Bed-Stuy is One Step Closer to Getting a Massive New Development Designed by Sir David Adjaye

Restoration Plaza will more than double its commercial office space with 16 and 13-story towers, according to papers filed with the Department of City Planning. By Katie Honankhonan@thecity.nycRestoration Plaza in Brooklyn is headed for a transformation over the next decade, creating hundreds of thousands of feet of office and culture space inside buildings rising as […]

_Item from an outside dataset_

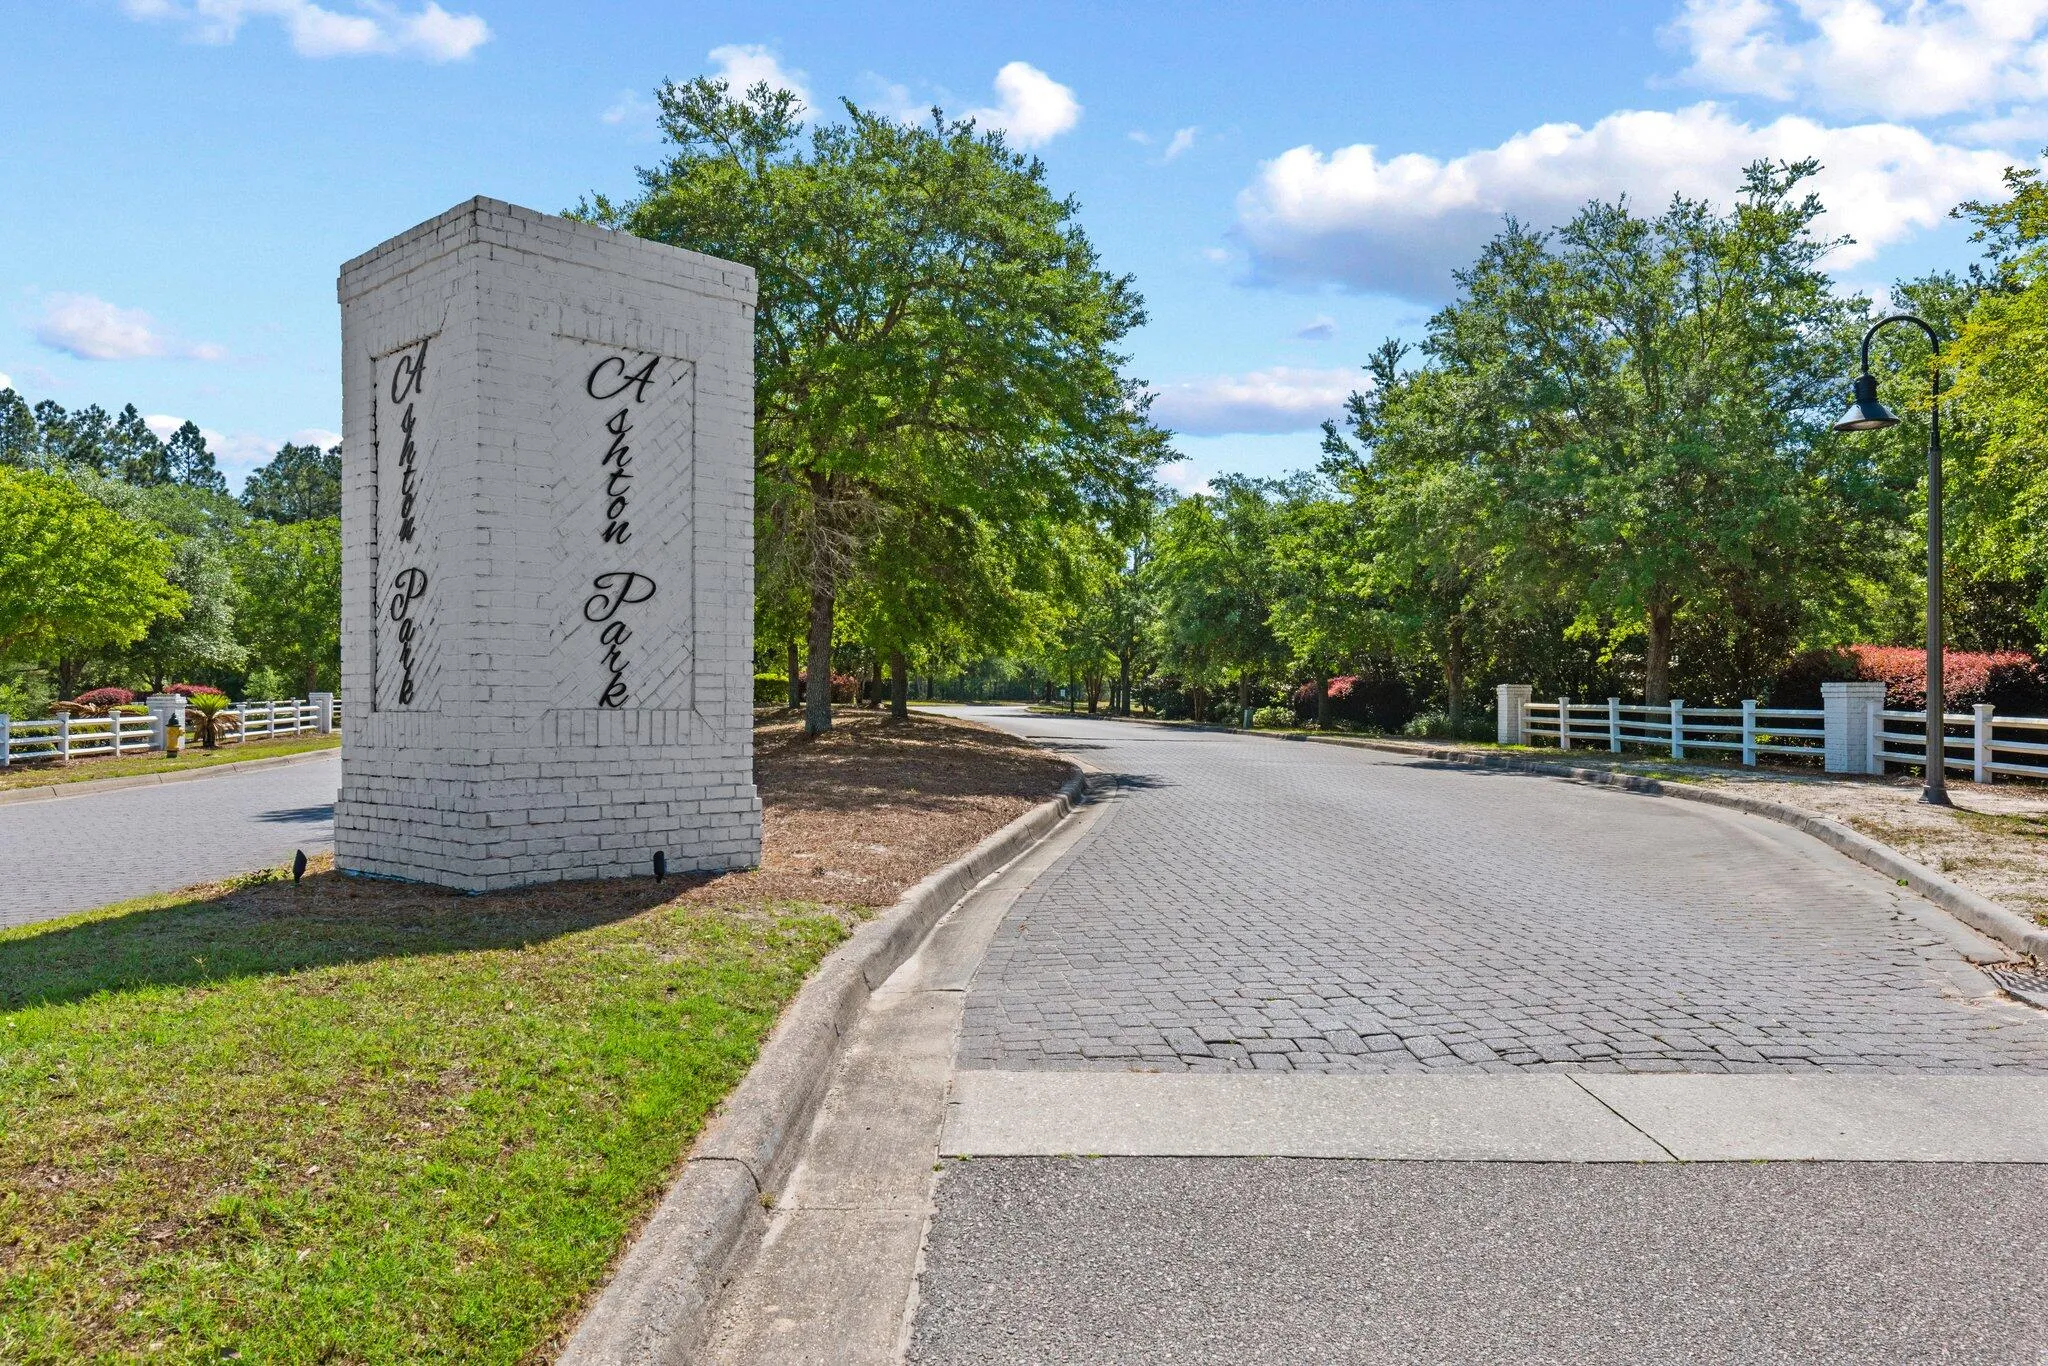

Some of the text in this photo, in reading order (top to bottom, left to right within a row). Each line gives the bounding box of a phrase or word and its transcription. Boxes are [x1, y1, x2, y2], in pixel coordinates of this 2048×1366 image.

Bed-Stuy is One Step Closer to Getting a Massive New Development Designed by Sir David Adjaye

Restoration Plaza will more than double its commercial office space with 16 and 13-story towers, according to papers filed with the Department of City Planning.

By Katie Honan
khonan@thecity.nyc

Restoration Plaza in Brooklyn is headed for a transformation over the next decade, creating hundreds of thousands of feet of office and culture space inside buildings rising as high as 16 stories, papers filed Tuesday with the Department of City Planning show.
The environmental review documents provide the first detailed peek at the future of the block of Fulton Street between New York and Brooklyn avenues, for a project first announced in 2019 and led by British architect Sir David Adjaye, who also designed the National Museum of African American History and Culture in Washington, D.C.
The massive development is anticipated to create 840,000 square feet of office, education, cultural and commercial space in three buildings, the plans show.


A 16-story, 245-foot-high building and a 195-foot, 13-story building would supply commercial space to existing tenants and new organizations, Blondel Pinnock, the president and CEO of the Bedford Stuyvesant Restoration Corporation, told THE CITY in an interview. There will also be a four-story, 120-foot community building focused on current and cultural institutions – including multiple galleries and dance studios.
Bedford Stuyvesant Restoration Corporation created the space half a century ago as an antidote to neighborhood blight, becoming the first community development in the country. It still runs the site and is seen as a model to thousands of neighborhood-focused development groups around the world.
The new buildings will be double the size of current 1970s structures, which are between one and six stories high. But as it expands the plaza, Restoration needs to build higher so it can maintain the plaza that provides a public gathering place badly needed in the neighborhood, Pinnock said.
“In order for us to maintain the level of open space that we have here, we have to build up,” she said.
Dubbed the Restoration Innovation Campus, the renovated space will focus on technology and job training, Pinnock said.
“We’re really looking at being intentional about the type of programs and the type of business that we want to work with, that can come here and truly create not only arts and culture space and a work environment that will create jobs within creative and technological space,” she said.


“We want this to be the tech hub of Central Brooklyn that’s very similar to downtown Brooklyn, that’s very similar to the Navy Yard.”
Supermarket to Stay
The construction will begin in phases, with the 13-story building along the New York Avenue side of the campus getting built alongside the four-story cultural building, with an effort to temporarily relocate as many programs as possible during construction.
The Super FoodTown on Brooklyn Avenue will also stay open throughout the construction, although it will move to the New York Avenue building once that is completed. “There’s no way that we would want to disrupt the ability for people to get food,” Pinnock said.
The estimated cost for the first phase of construction is between $150 and $175 million, she added, and the city has already committed $50 million towards that, she said.
“I think a project as large as this… it’s going to require a lot of hands in order to make this work.”